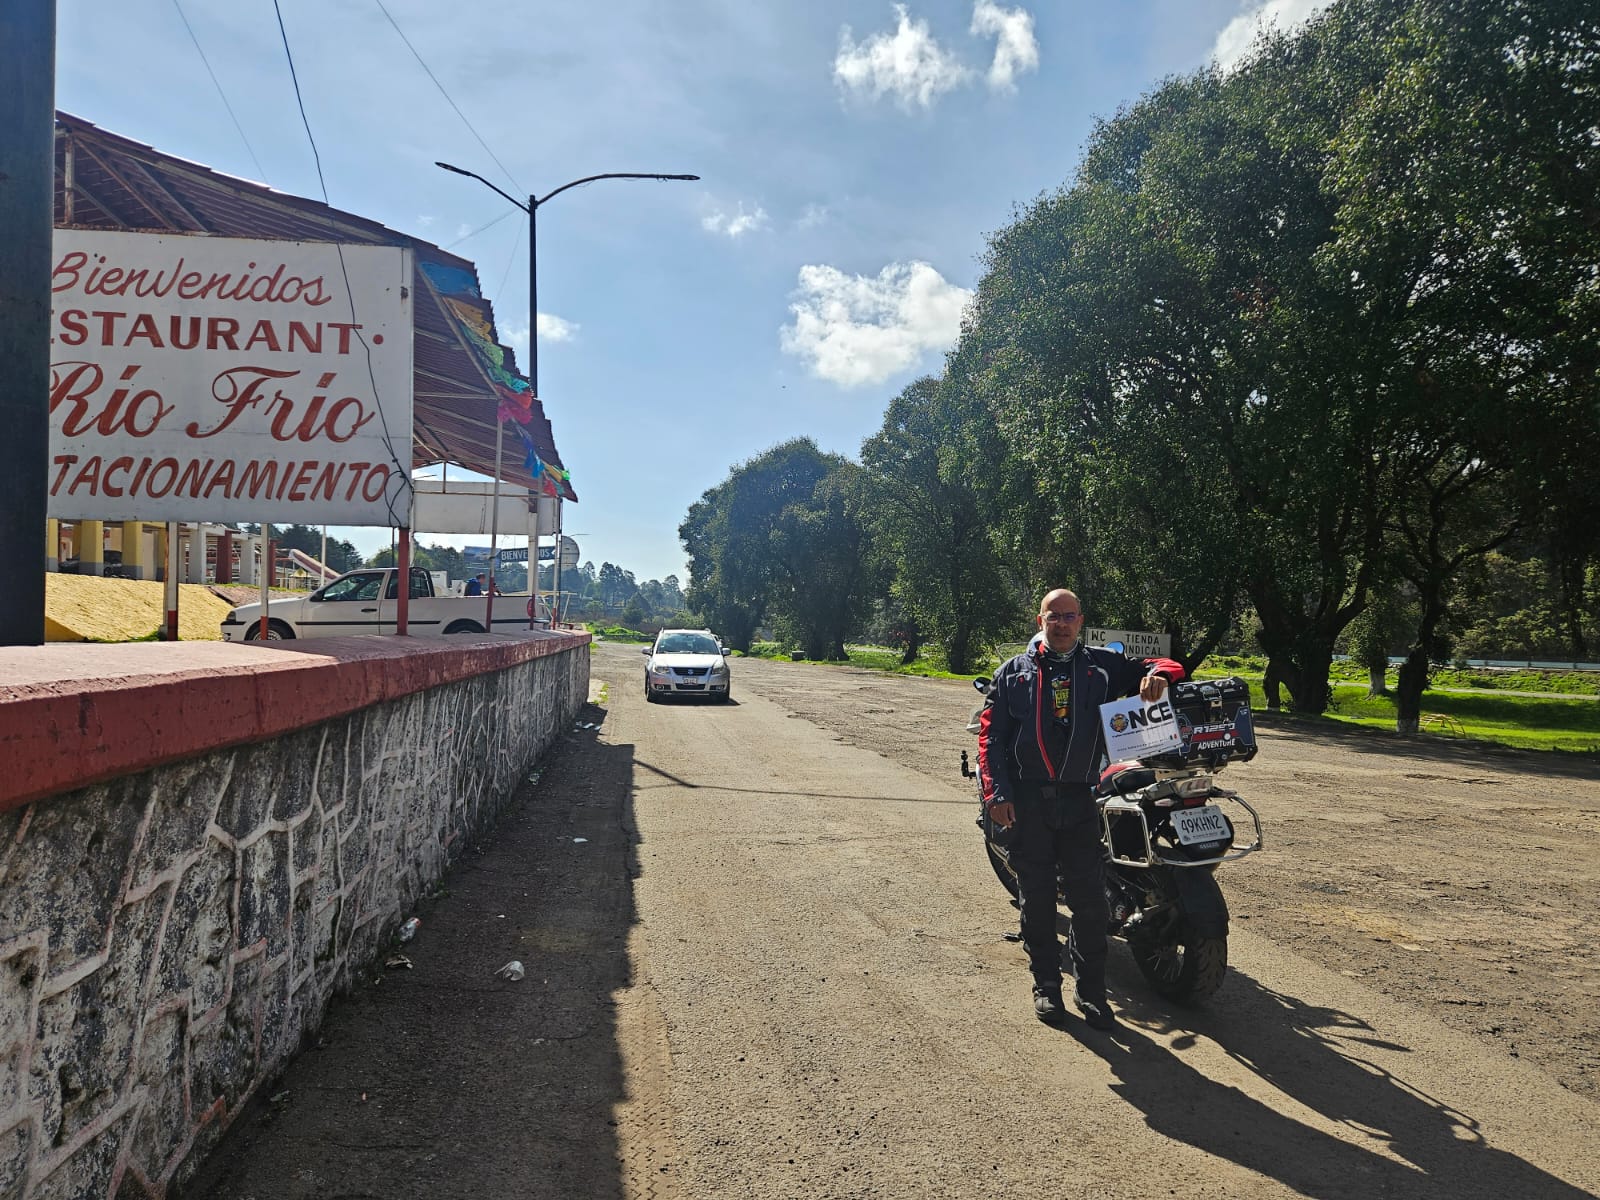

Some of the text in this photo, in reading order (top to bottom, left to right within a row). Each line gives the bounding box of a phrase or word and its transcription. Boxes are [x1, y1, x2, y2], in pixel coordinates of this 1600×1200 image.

[51, 251, 332, 306] Bienvenidos
[50, 308, 363, 354] STAURANT
[49, 454, 390, 502] TACIONAMIENTO
[501, 548, 550, 561] BIENVEOS
[1126, 633, 1160, 645] TIENDA
[1197, 738, 1236, 751] ADVENTURE
[1181, 815, 1223, 834] 49KHN2
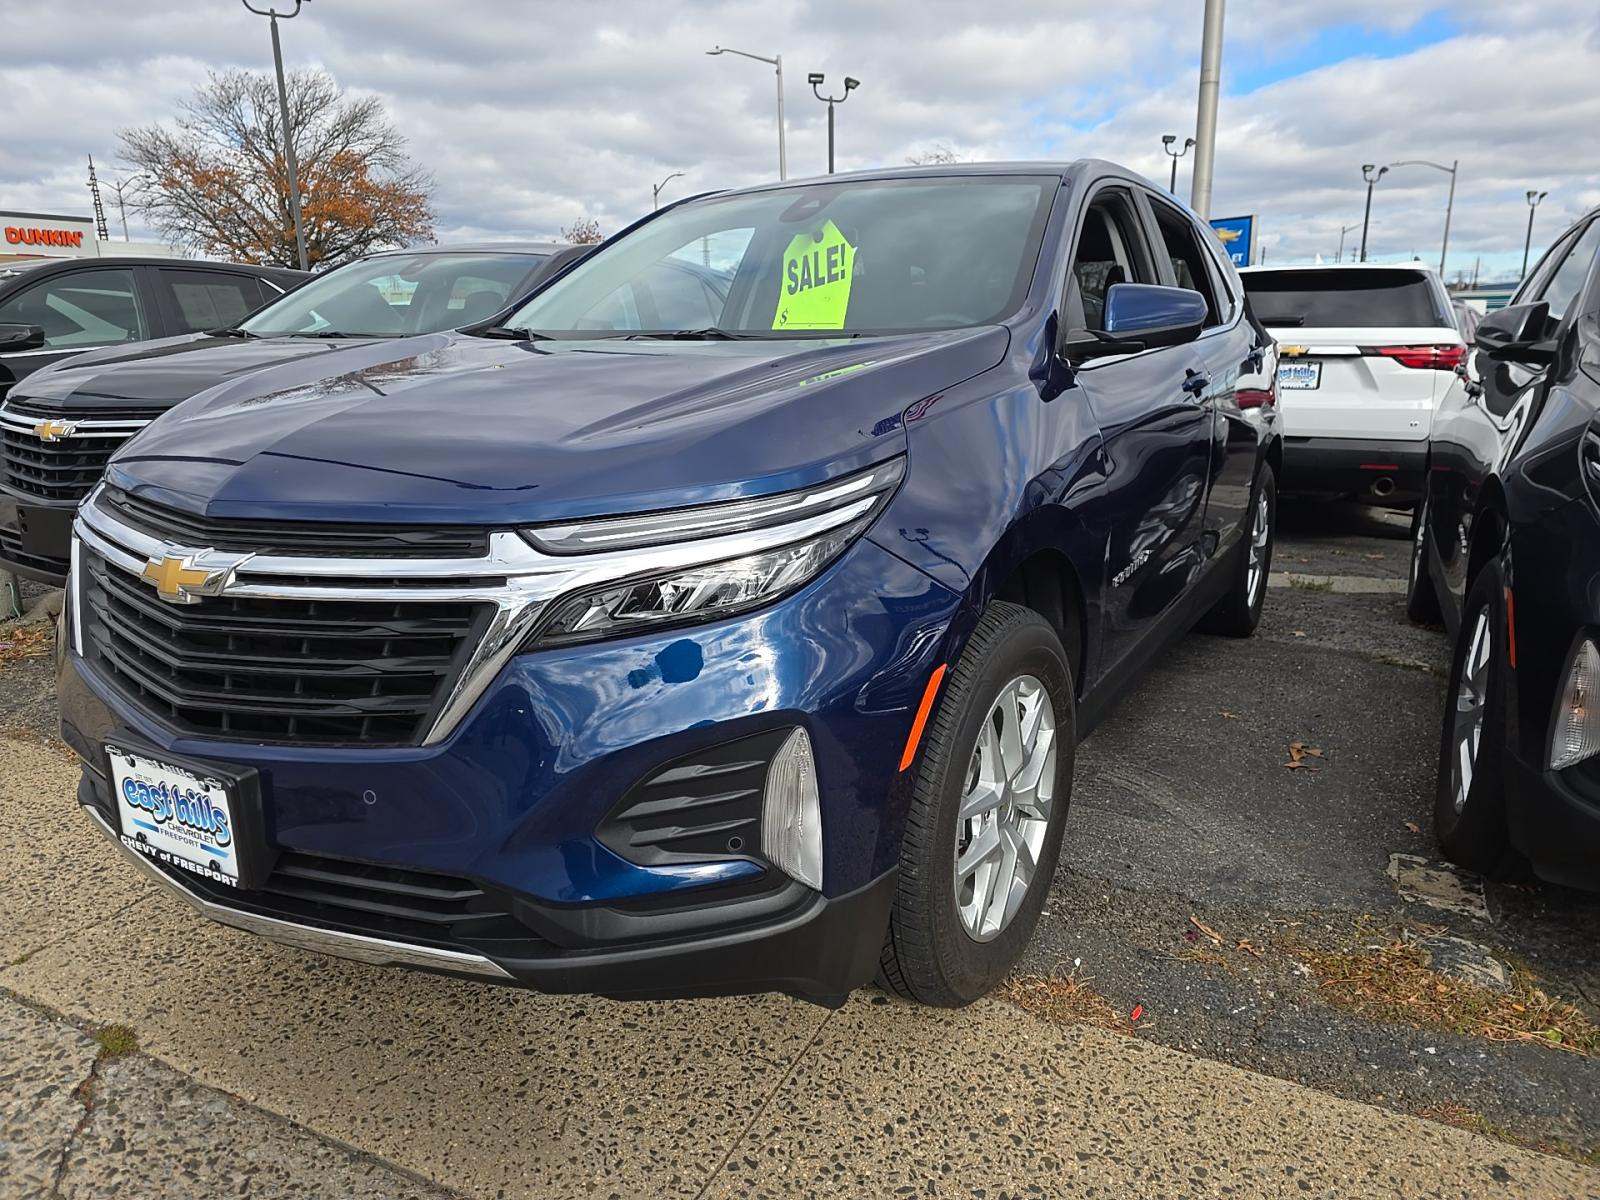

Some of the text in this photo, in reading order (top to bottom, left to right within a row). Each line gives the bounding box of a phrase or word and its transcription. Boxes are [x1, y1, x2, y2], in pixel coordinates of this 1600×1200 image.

[5, 226, 83, 248] DUNKIN'
[787, 243, 846, 296] SALE!
[123, 777, 231, 847] east hills
[160, 828, 199, 847] FREEPORT
[167, 822, 214, 844] CHEVROLET
[120, 835, 157, 857] CHEVY
[172, 856, 238, 888] FREEPORT
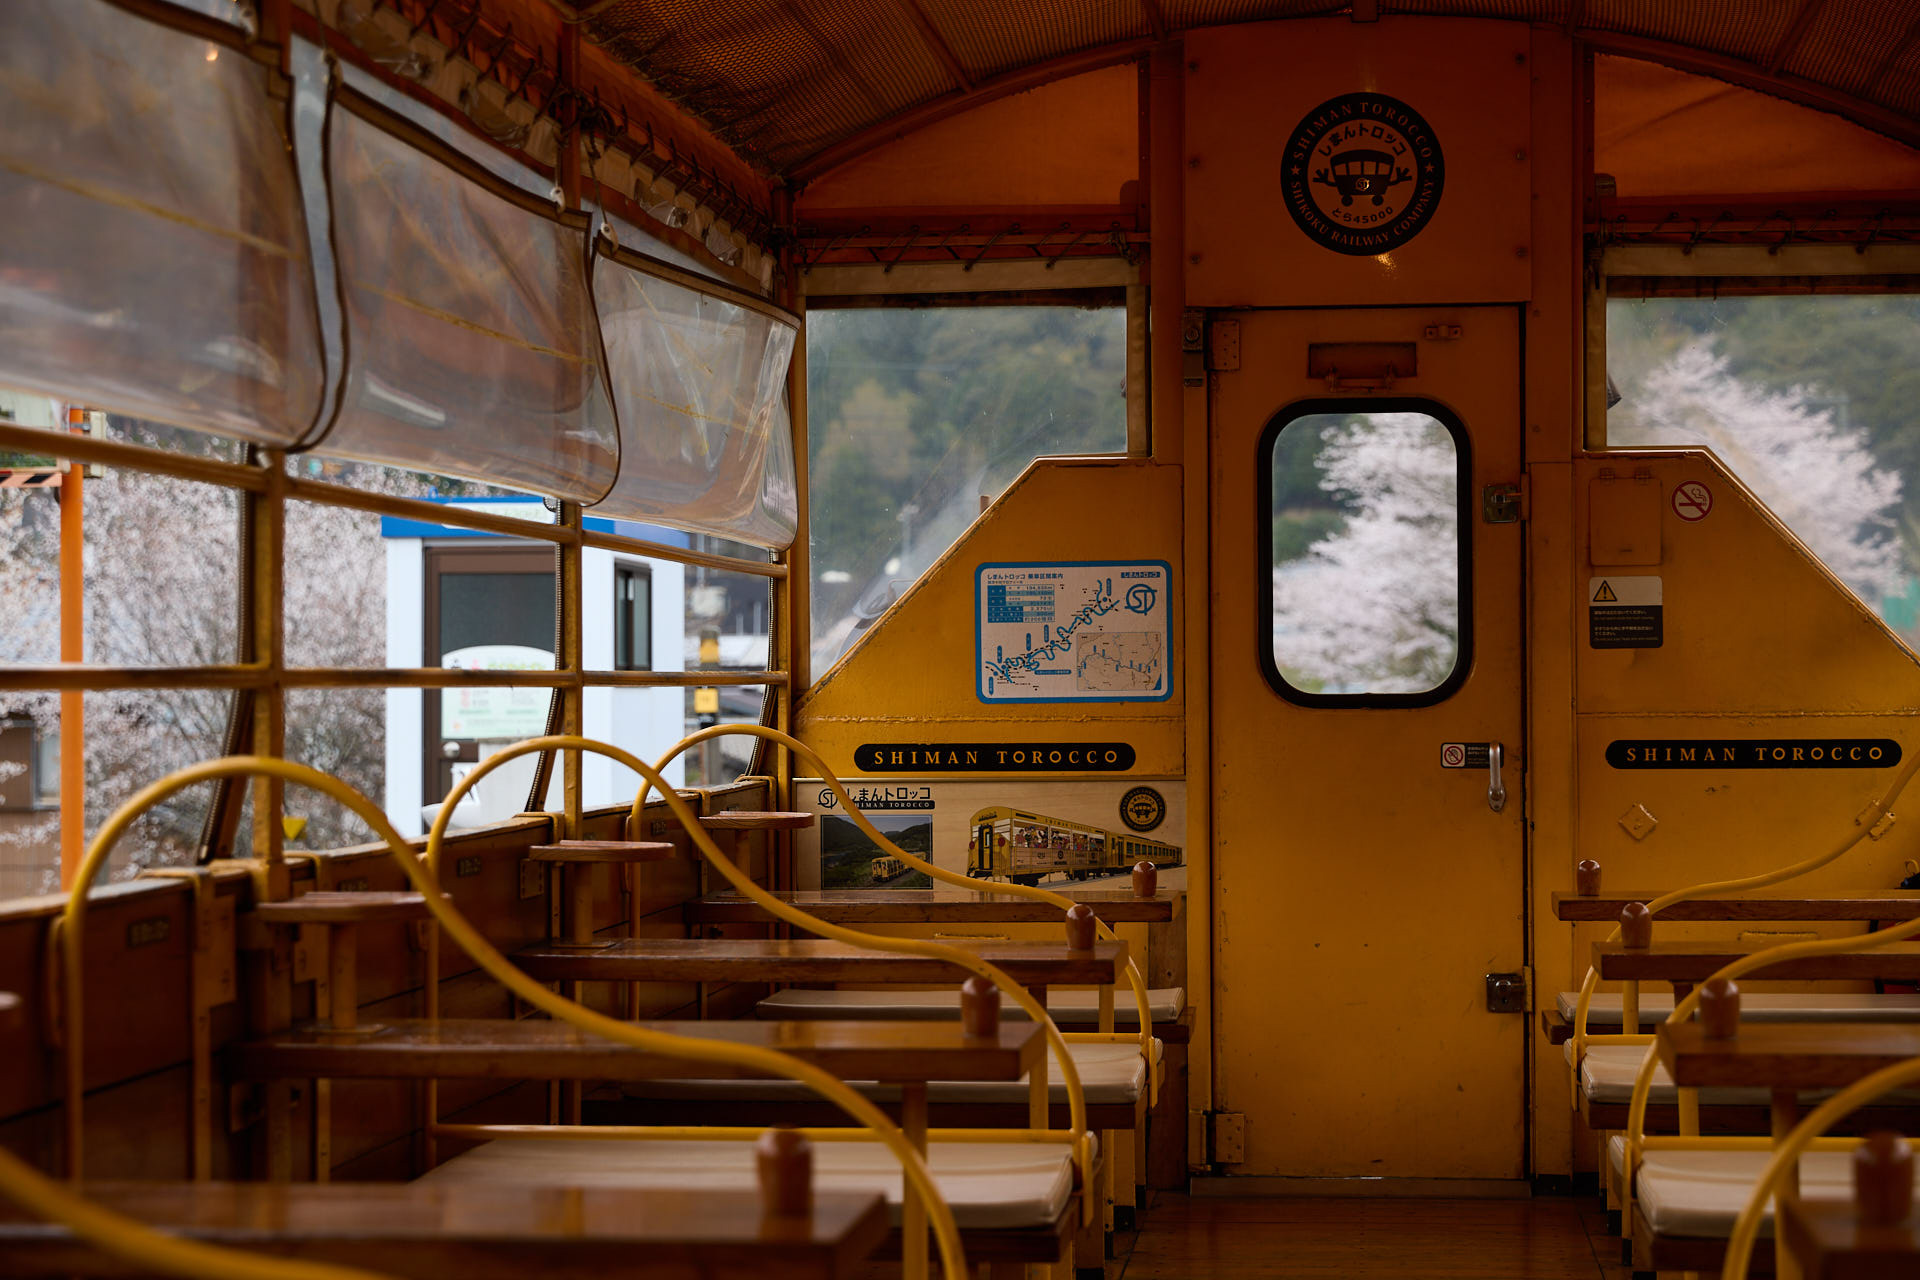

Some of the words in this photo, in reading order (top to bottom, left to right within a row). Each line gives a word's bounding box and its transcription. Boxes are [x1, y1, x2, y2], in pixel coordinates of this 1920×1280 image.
....
**WORK ITEM**
Print the entire listing precisely as written, omitting the images it holds.

**RESPONSE TO THIS TASK**
Some of the text in this photo, in reading order (top to bottom, left to right within a row). Each line gives the bounding box of a phrase or word and its transcription. Boxes are [x1, y1, x2, y2], in pixel coordinates of this 1600×1200 image.

[51, 251, 332, 306] Bienvenidos
[50, 308, 363, 354] STAURANT
[49, 454, 390, 502] TACIONAMIENTO
[501, 548, 550, 561] BIENVEOS
[1126, 633, 1160, 645] TIENDA
[1197, 738, 1236, 751] ADVENTURE
[1181, 815, 1223, 834] 49KHN2

Some of the text in this photo, in reading order (top to bottom, left to right within a row). Each line gives the bounding box of a phrase or word and its transcription. Boxes are [x1, y1, x2, y2], in pixel coordinates of this 1600×1200 image.

[5, 226, 83, 248] DUNKIN'
[787, 243, 846, 296] SALE!
[123, 777, 231, 847] east hills
[160, 828, 199, 847] FREEPORT
[167, 822, 214, 844] CHEVROLET
[120, 835, 157, 857] CHEVY
[172, 856, 238, 888] FREEPORT

Some of the words in this photo, in reading order (top to bottom, left to right within a row). Each line gives a word's bounding box and its transcription. Boxes are [x1, y1, x2, y2], in pixel coordinates of this 1920×1280 image.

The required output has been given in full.